Albert Camus

Désorientée…

tipasa cactus
…Désorienté, marchant dans la campagne solitaire et mouillée, j’essayais au moins de retrouver cette force, jusqu’à présent fidèle, qui m’aide à accepter ce qui est, quand une fois j’ai reconnu que je ne pouvais le changer…
Certains matins, au détour d’une rue, une délicieuse rosée tombe sur le coeur puis s’évapore.
Mais la fraîcheur demeure encore et c’est elle, toujours, que le coeur exige.
Il me fallut partir à nouveau…
Albert Camus in, l’Eté
Retour à Tipasa
Il y a des jours où les mots lus et relus vous touchent d’une autre manière. Je ne sors jamais intacte de la lecture de Camus . En l’espace de quelques secondes j’étais à Tipasa sur ses traces,  souvenir de l’un de mes voyages, mais également désorientée par ma vie actuelle où les souvenirs viennent au secours de ce qu’il me faut accepter.

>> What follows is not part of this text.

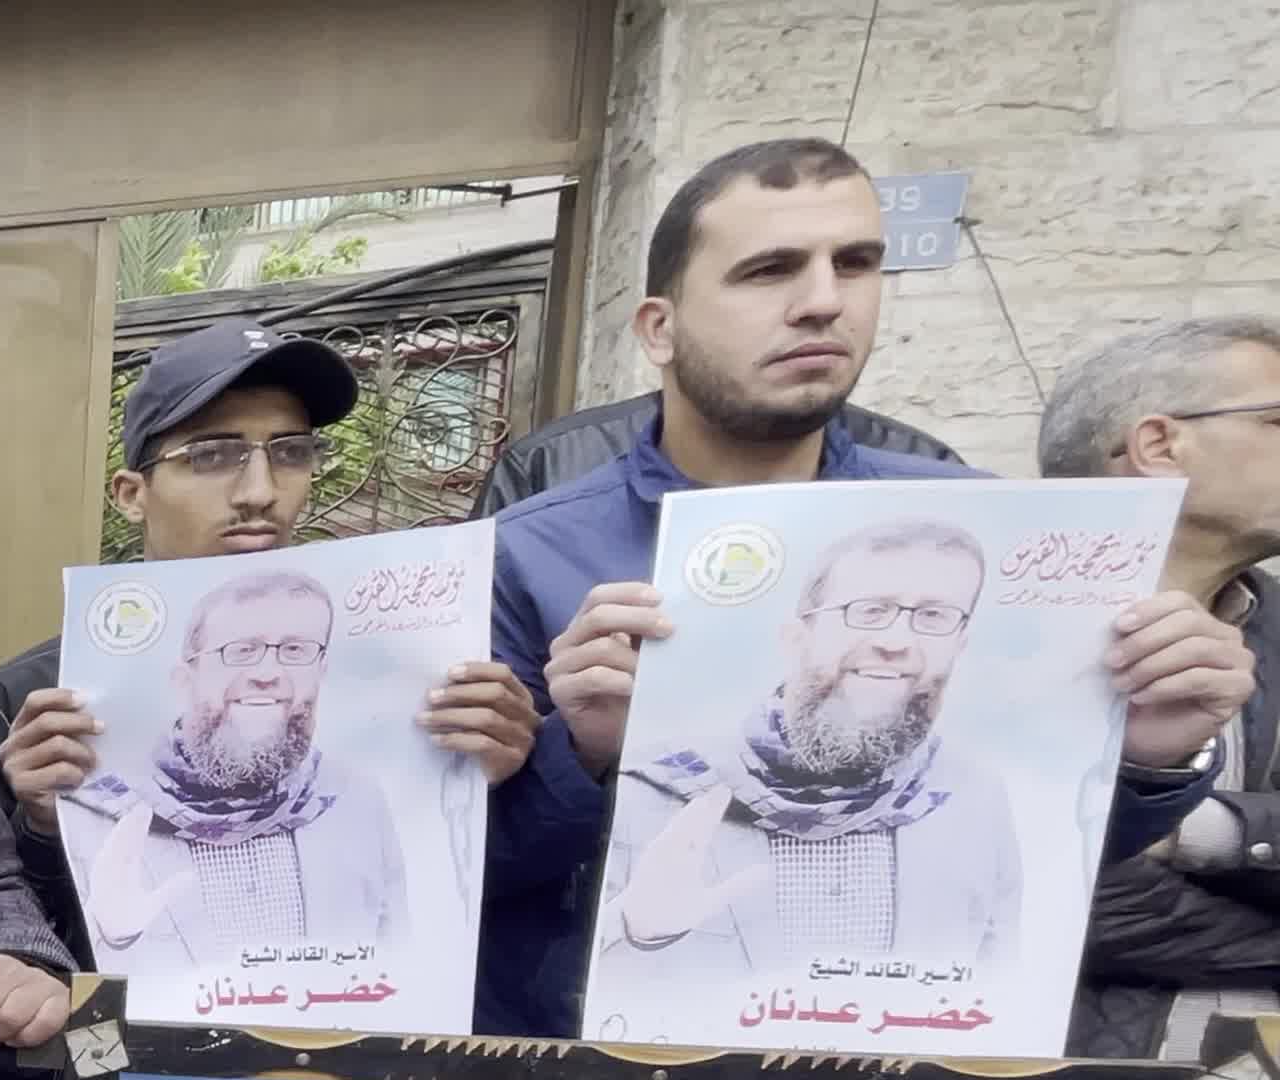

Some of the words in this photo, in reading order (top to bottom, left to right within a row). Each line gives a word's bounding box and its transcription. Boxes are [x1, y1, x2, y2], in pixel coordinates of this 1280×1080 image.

6 réflexions au sujet de “Désorientée…”

  1. Ce texte est très évocateur en effet.
    Camus est l’un de tes maîtres…
    ils sont là pour nous apporter du bien et du bon, surtout lorsque les temps se font difficiles.

    C’est vrai que l’on n’a pas d’autre choix que d’accepter la réalité telle qu’elle se présente à nous. Et cette acceptation produit souvent des effets bénéfiques inattendus. Je dis cela d’expérience. Et peut-être que mes propos te rejoignent.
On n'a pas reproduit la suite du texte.